In what may be a historic decision, the UN’s top court has ordered Japan to stop its annual whale hunt in the Antarctic. The International Court of Justice (ICJ) rejected Tokyo’s arguments that whaling has scientific purposes, in a case which many believe will shape the future of the giant mammals.
“Japan shall revoke any existant authorisation, permit or licence granted in relation to Jarpa II [research programme] and refrain from granting any further permits in pursuance to the programme,” the International Court of Justice’s Judge Peter Tomka said on Monday.

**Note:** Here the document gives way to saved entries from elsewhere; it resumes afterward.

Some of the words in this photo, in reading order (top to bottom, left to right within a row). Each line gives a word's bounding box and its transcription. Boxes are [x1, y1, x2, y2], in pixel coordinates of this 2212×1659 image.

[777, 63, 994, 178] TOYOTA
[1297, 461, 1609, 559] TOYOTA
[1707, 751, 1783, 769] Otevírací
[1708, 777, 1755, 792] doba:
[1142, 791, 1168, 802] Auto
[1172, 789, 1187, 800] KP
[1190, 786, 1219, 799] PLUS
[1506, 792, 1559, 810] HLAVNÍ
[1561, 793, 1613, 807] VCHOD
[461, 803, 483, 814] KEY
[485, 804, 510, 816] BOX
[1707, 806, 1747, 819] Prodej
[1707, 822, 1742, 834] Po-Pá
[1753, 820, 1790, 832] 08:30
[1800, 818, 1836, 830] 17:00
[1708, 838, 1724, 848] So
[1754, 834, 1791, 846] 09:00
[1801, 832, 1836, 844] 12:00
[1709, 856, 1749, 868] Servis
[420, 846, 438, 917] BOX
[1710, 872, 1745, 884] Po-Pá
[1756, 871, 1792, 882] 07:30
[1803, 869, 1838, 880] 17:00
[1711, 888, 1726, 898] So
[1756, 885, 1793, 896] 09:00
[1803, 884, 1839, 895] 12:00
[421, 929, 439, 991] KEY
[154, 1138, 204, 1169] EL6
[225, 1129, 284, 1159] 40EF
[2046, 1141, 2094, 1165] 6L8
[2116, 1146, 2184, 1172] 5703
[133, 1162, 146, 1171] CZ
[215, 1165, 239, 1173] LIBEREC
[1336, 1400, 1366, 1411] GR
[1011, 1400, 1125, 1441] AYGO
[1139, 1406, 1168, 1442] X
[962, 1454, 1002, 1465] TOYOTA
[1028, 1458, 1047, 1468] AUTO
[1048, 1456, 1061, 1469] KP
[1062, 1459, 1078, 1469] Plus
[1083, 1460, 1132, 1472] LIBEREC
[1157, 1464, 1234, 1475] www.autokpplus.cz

This decision was backed by almost the entire scientific community – there is no real need to use lethal methods here. Even if dead whales were somehow necessary, thousands of whales strand themselves on beaches worldwide each year – providing more than enough study naterial. But in fact, this entire “scientific” operation is merely a front for a commercial operation.
The situation was ignited when Australia asked the world court to order Japan to stop its JARPA II research programme and revoke “any authorisations, permits or licences” to hunt whales in the region. Tokyo defended itself, arguing that the operation has a scientific purpose – probably because it was the only reason they could invoke, they really have no excuse here.

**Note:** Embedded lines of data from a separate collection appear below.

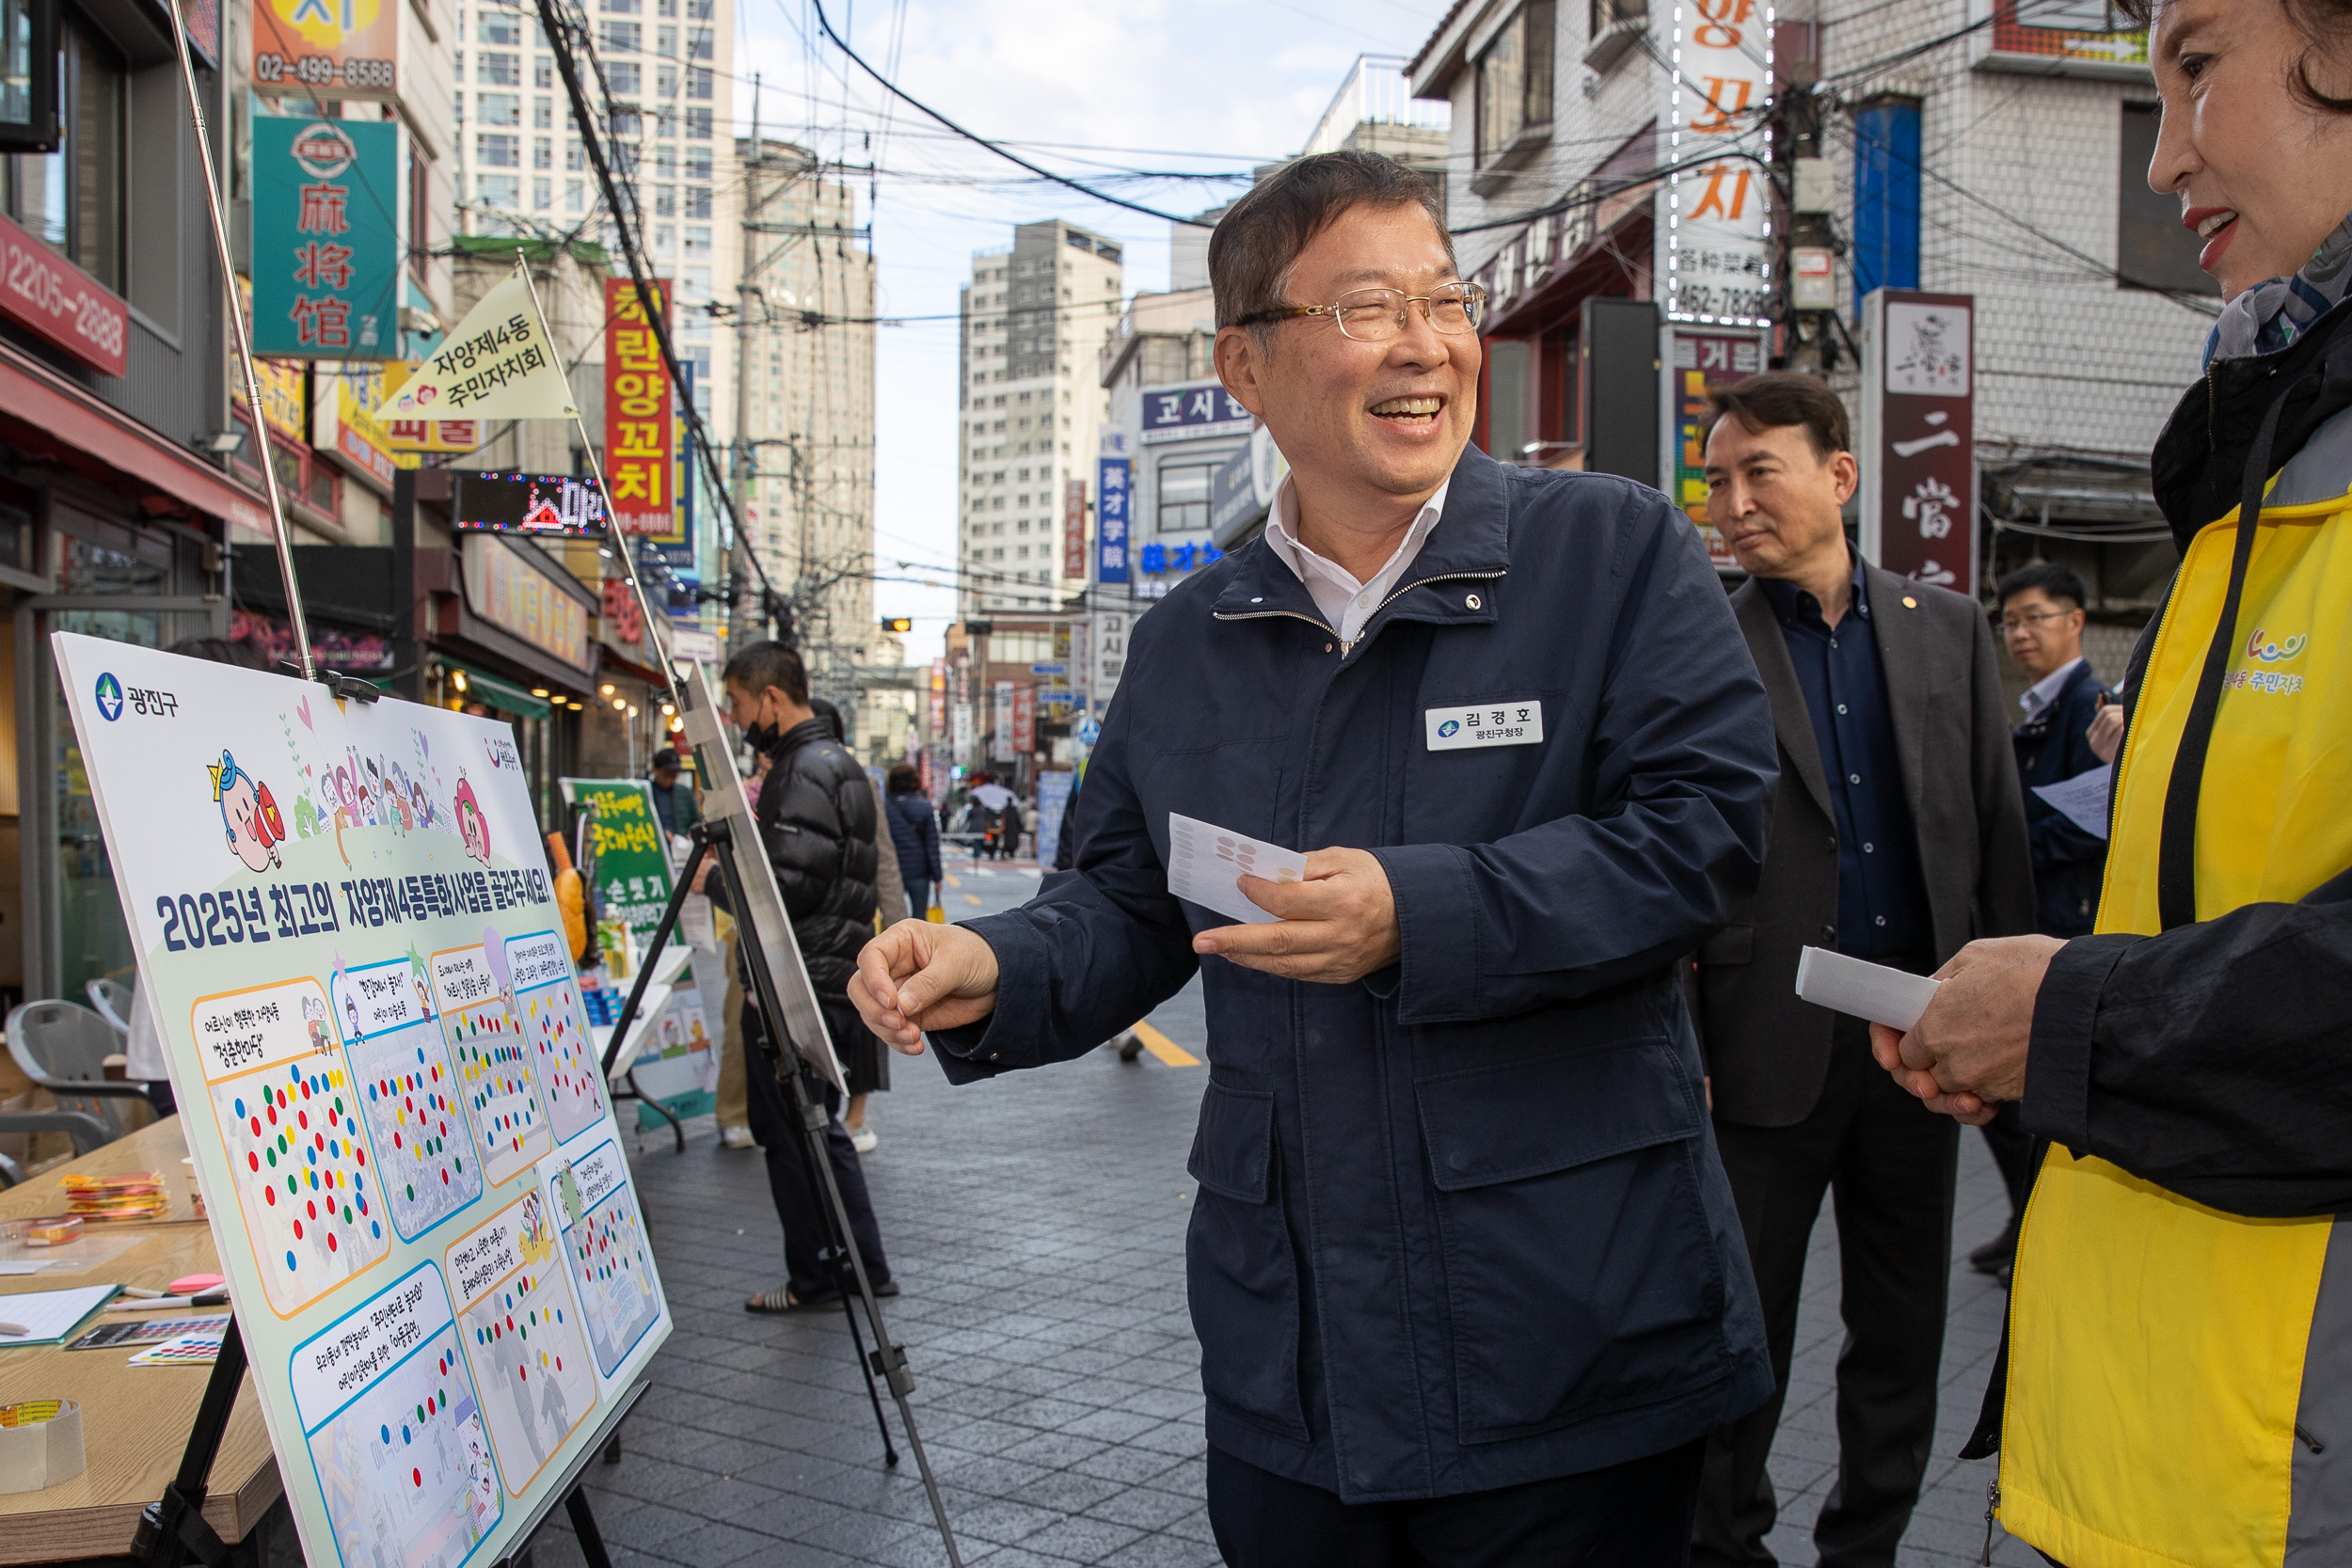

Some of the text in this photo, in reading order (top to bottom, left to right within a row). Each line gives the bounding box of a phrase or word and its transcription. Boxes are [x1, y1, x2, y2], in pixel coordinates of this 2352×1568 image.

[257, 53, 395, 88] 02-499-8588
[288, 181, 356, 349] 麻将馆
[434, 313, 530, 375] 자양제4동
[448, 344, 546, 408] 주민자치회
[127, 687, 179, 718] 광진구
[1475, 727, 1524, 740] 광진구청장
[156, 868, 551, 952] 2025년 최고의 자양제4동특화사업을 골라주세요!
[204, 1015, 233, 1034] 어르신이
[233, 1007, 256, 1030] 행복한
[373, 1000, 406, 1023] 어린이 미술소풍
[213, 1033, 264, 1069] "청춘한마당"
[454, 1225, 508, 1274] 안전하고 시원한 여름나기
[493, 1246, 514, 1272] 지원사업
[315, 1281, 423, 1373] 우리동네 깜짝놀이터 "주민센터로 놀러와"
[338, 1351, 378, 1390] 어린이집원아를
[376, 1343, 390, 1364] 위한

Since 1988 Japan has slaughtered more than 10,000 whales under the programme, but thankfully, this will now be stopped. The decision was almost unanimously hailed. Writing for The Guardian, Karl Mathiesen says:
Today’s ruling by the International Court of Justice (ICJ) displayed a level of resolution and common sense rarely seen in global decision making. While they declined to assess the scientific merit of the programme, the judges found that Japan’s activity was inconsistent with a nation solely interested in whale research. The conclusion was that the Japanese whaling research programme, Jarpa II, is simply a front for a not very successful commercial operation.